----- Data for this task

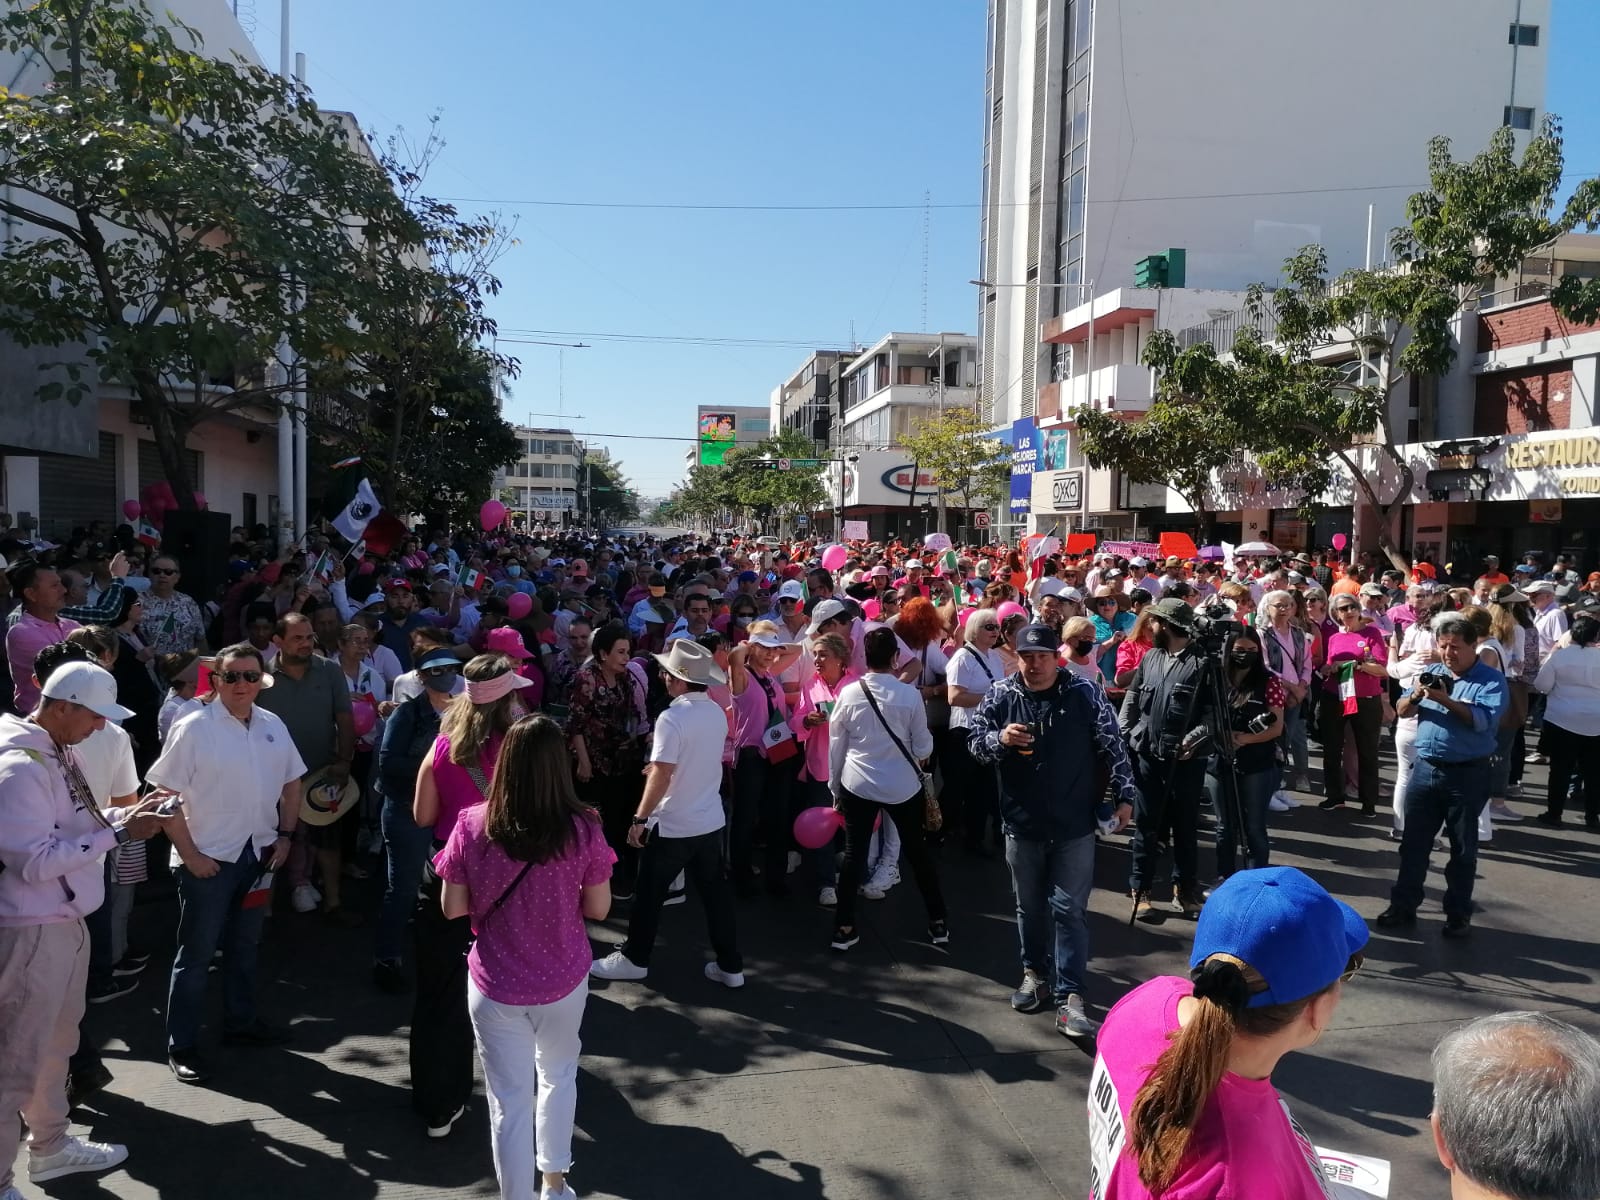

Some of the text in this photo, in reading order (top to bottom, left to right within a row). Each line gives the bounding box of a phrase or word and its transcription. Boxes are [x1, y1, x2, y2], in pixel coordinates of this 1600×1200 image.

[1018, 437, 1031, 449] LAS
[1012, 449, 1037, 462] MEJORES
[1505, 436, 1600, 469] RESTAUR
[1012, 462, 1036, 475] MARCAS
[1053, 479, 1077, 502] OXXO
[1095, 1070, 1112, 1113] NO
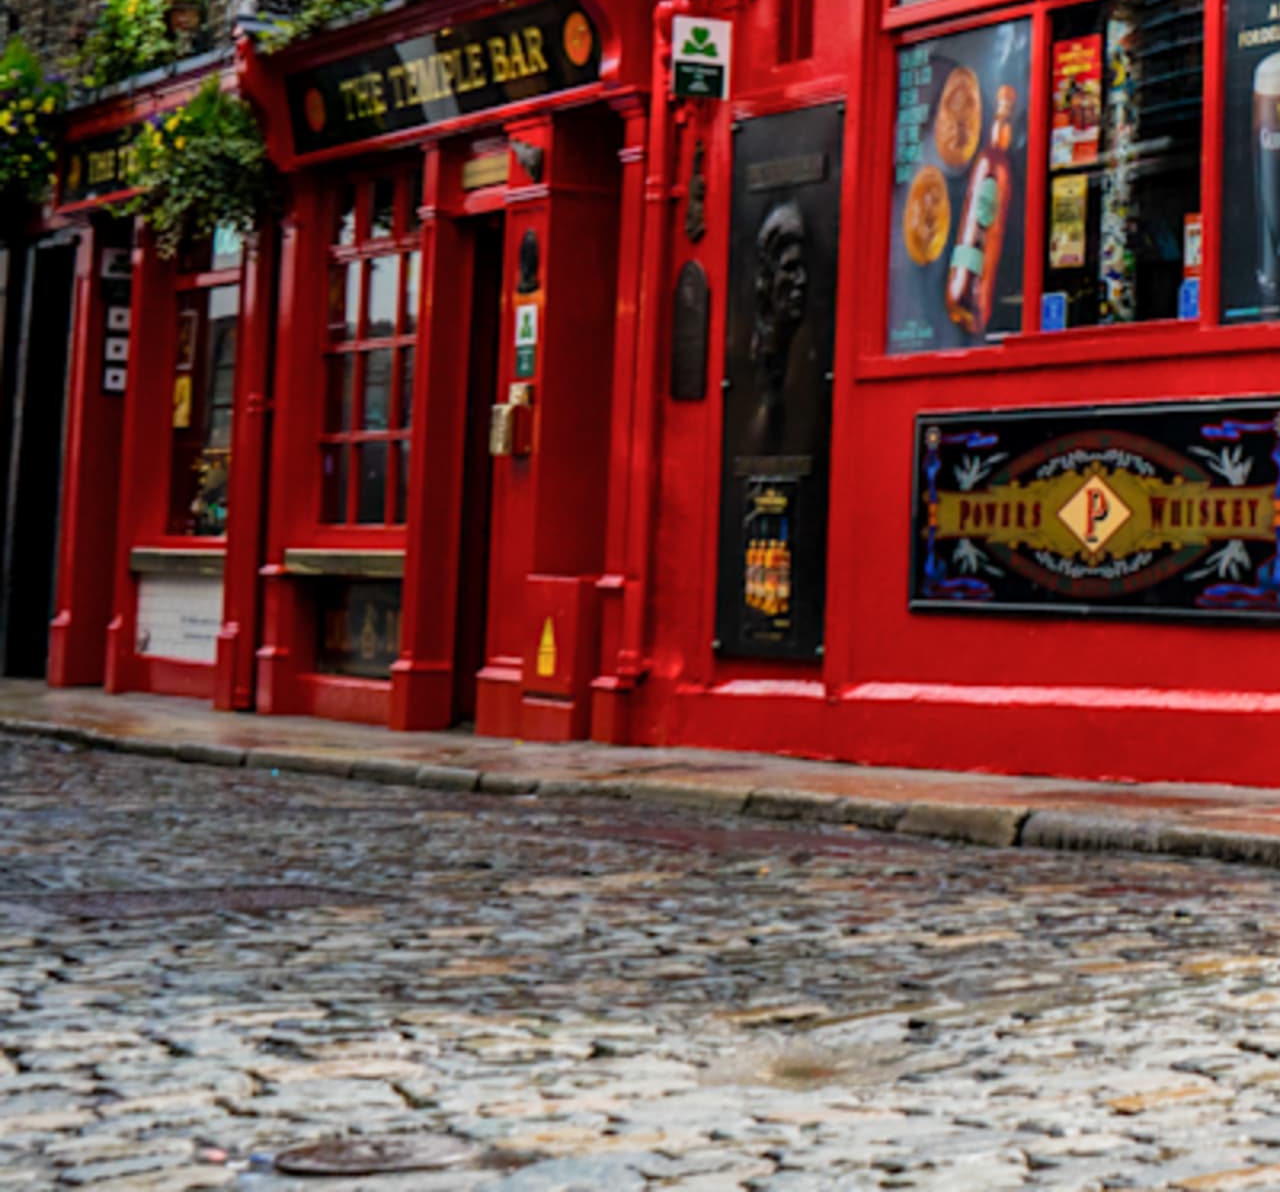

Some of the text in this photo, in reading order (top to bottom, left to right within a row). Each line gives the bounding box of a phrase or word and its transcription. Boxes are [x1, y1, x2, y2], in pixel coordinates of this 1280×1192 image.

[1268, 3, 1278, 19] A
[339, 69, 388, 122] THE
[387, 41, 488, 110] TEMPLE
[487, 25, 549, 84] BAR
[1085, 486, 1109, 543] P
[1147, 496, 1260, 532] WHISKEY

----------

§ Description of the task
Return the data above unchanged. Pictures are not part of the copy.

§ Response
Some of the text in this photo, in reading order (top to bottom, left to right within a row). Each line gives the bounding box of a phrase or word and its transcription. Boxes are [x1, y1, x2, y2], in pixel coordinates of this 1600×1200 image.

[1018, 437, 1031, 449] LAS
[1012, 449, 1037, 462] MEJORES
[1505, 436, 1600, 469] RESTAUR
[1012, 462, 1036, 475] MARCAS
[1053, 479, 1077, 502] OXXO
[1095, 1070, 1112, 1113] NO

Some of the text in this photo, in reading order (top to bottom, left to right within a row). Each line gives the bounding box of a phrase or word and its transcription. Boxes are [x1, y1, x2, y2], in pixel coordinates of this 1280×1192 image.

[1268, 3, 1278, 19] A
[339, 69, 388, 122] THE
[387, 41, 488, 110] TEMPLE
[487, 25, 549, 84] BAR
[1085, 486, 1109, 543] P
[1147, 496, 1260, 532] WHISKEY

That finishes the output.